We estimated the total number of packs of cigarettes smoked for each respondent from the age at which specific initiation milestones first occurred through the age at which nicotine dependence was first diagnosed or, for those never diagnosed with nicotine dependence, to their age at the time of the NESARC Wave 1 interview. One initiation milestone was the first full cigarette smoked, and a second was the point at which daily smoking began. To obtain the smoking exposure estimates, we (a) extrapolated the typical number of cigarettes smoked per year by multiplying the number of cigarettes respondents reported typically smoking per day (this could be <1 for nondaily smokers) by 365, (b) estimated the number of packs smoked per year by dividing the estimate of the number of cigarettes smoked per year by 20 (the number of cigarettes in a pack), and (c) determined the number of years relevant to the estimate by subtracting the age at which the initiating milestone was reached from the age at which the terminating milestone was reached (either nicotine dependence onset or the Wave 1 interview, whichever came first).
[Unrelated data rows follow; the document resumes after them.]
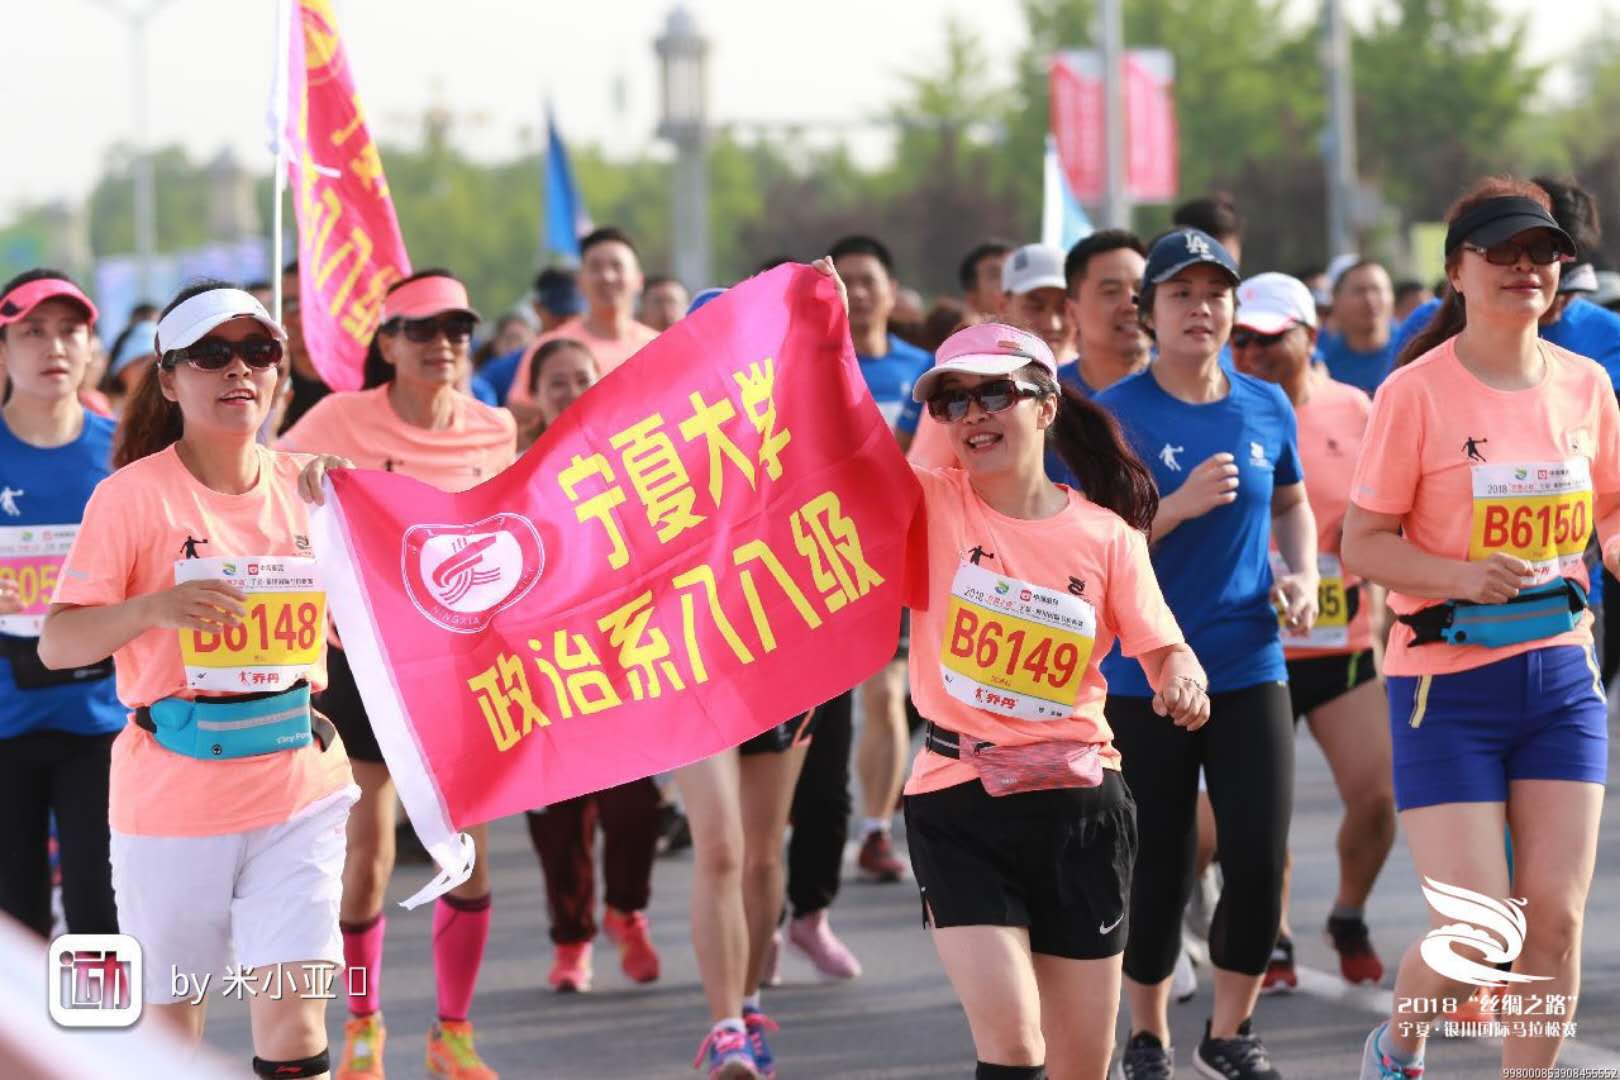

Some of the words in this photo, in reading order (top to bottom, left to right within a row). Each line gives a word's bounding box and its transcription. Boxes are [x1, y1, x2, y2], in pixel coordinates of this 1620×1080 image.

[557, 357, 792, 571] 宁夏大学
[1482, 500, 1586, 549] B6150
[467, 490, 886, 753] 政治系八八级
[950, 607, 1079, 689] B6149
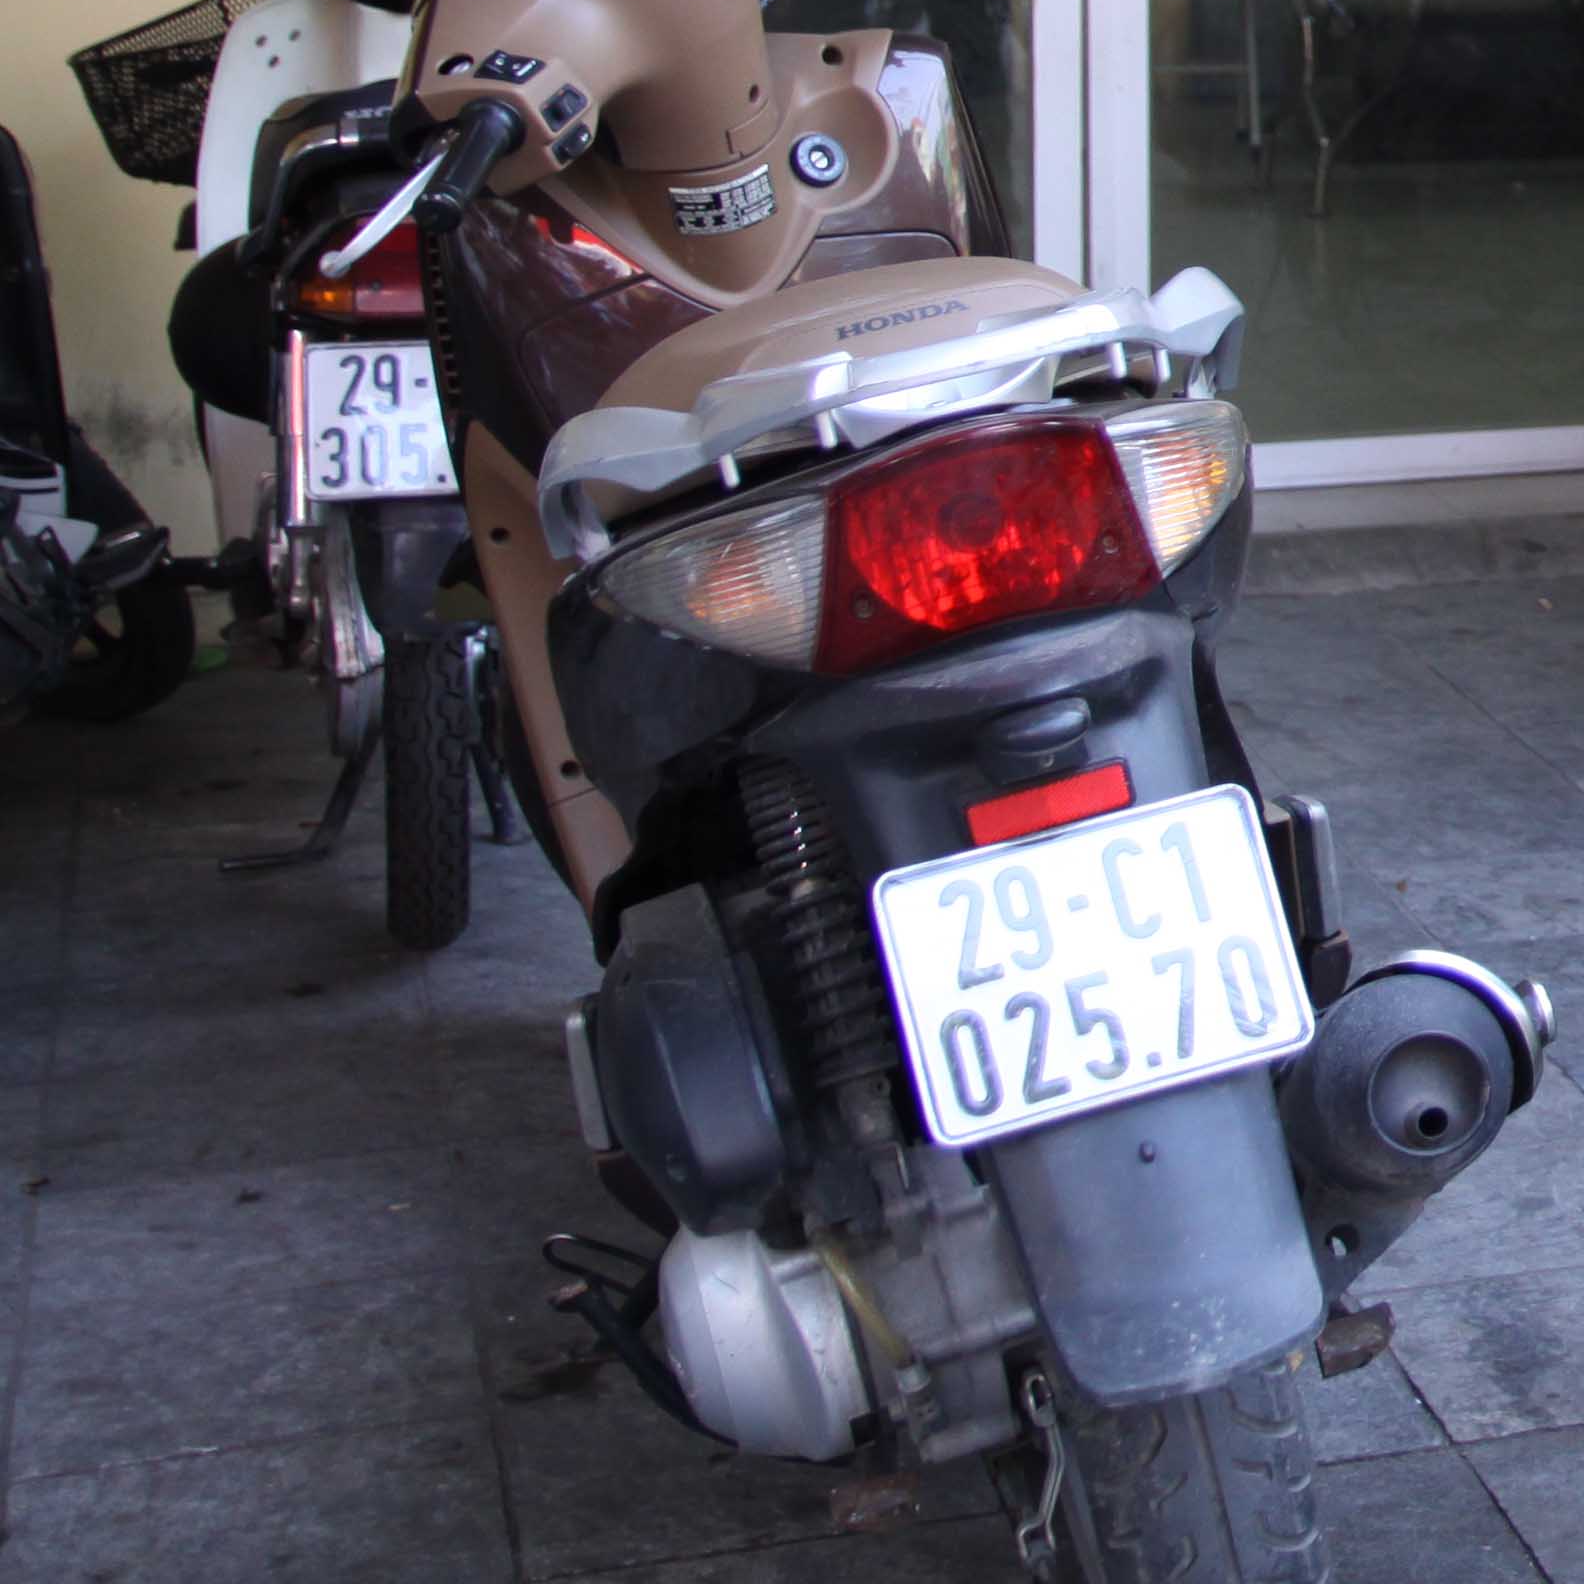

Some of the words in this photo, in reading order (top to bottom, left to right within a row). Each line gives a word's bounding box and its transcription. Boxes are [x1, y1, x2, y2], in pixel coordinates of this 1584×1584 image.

We then obtained the final estimates of packs of cigarettes smoked between each of the two initiating milestones and the terminating milestone by multiplying the estimated number of packs smoked per year (b) by the number of years between the initiating and terminating milestones (c). (Individuals who reported age at onset of dependence—or age at Wave 1 for those not nicotine dependent—to be the same as age at the first full cigarette smoked [n = 344] or first daily cigarette smoking [n = 755] had these intervals coded as 1 year, meaning that they converted to dependence within the first year of their initiation of smoking.) Finally, our nicotine exposure estimates were log-transformed to correct for significantly positively skewed distributions.

Data analytic method.

We used SPSS (Version 18) Complex Sampling Module (SPSS Inc., Chicago, IL) to compare individuals with and without a lifetime anxiety disorder on gender distribution and rates of lifetime nicotine dependence (using cross-tabulations) as well as nicotine use milestones and nicotine exposure variables (using general linear modeling). We also used SPSS (Version 18) Complex Sampling Module to conduct Cox regressions comparing the risk of transition to nicotine dependence per units of packs of cigarettes smoked (log-transformed) between those with and without lifetime anxiety disorders and between those with no lifetime anxiety disorder, one lifetime anxiety disorder, and more than one lifetime anxiety disorder. All analyses incorporated adjustments (Taylor series linearization) for the complex sampling design used in the NESARC survey.

Covariates.

All analyses included the following covariates: age, gender, age at initiating milestone (first full cigarette smoked or first daily smoking), and significant nicotine use other than cigarettes (50 or more lifetime uses of pipe tobacco or cigars, 20 or more lifetime uses of snuff or chewing tobacco).

Results

Group characteristics

Individuals with a lifetime anxiety disorder diagnosis were significantly younger than non-lifetime-anxiety-disordered individuals (M = 45.11 years, SE = 0.12 vs. M = 48.06, SE = 0.10, p < .001, Cohen’s d = 4.78). Additionally, anxiety-disordered individuals were younger when they (a) smoked their first full cigarette (M = 15.71 years, SE = 0.05, vs. M = 16.19 years, SE = 0.02, p < .001, d = 2.31), (b) began smoking daily (among those who endorsed ever smoking daily) (M = 18.16, SE = 0.05, vs. M = 18.50, SE = .03, p < .001, d = 1.75), and (c) first met nicotine-dependence criteria (among those with lifetime nicotine dependence) (M = 29.53, SE = 0.19, vs. M = 31.73, SE = 0.14, p < .001, d = 2.37). Anxiety-disordered individuals also smoked more packs of cigarettes per year (M = 315.49, SE = 2.50, vs. M = 283.78, SE = 1.44, p < .001, d = 2.66), smoked more cigarettes per day (M = 17.73, SE = 0.13, vs. M = 16.01, SE = 0.08, p < .001, d = 2.65), were more likely to be female (percentage female = 60.1% vs. 41.6%, odds ratio [OR] = 2.11, 95% CI [2.01, 2.21], p < .001), and were more likely to have met criteria for nicotine dependence in their lifetime (percentage ever dependent = 58.5% vs. 34.1%, OR = 2.73, 95% CI [2.60, 2.86], p < .001). (As noted in the Method section, covariates were used in the Cox regressions below to ensure that these demographic and clinical variables did not account for group differences in the primary analyses.)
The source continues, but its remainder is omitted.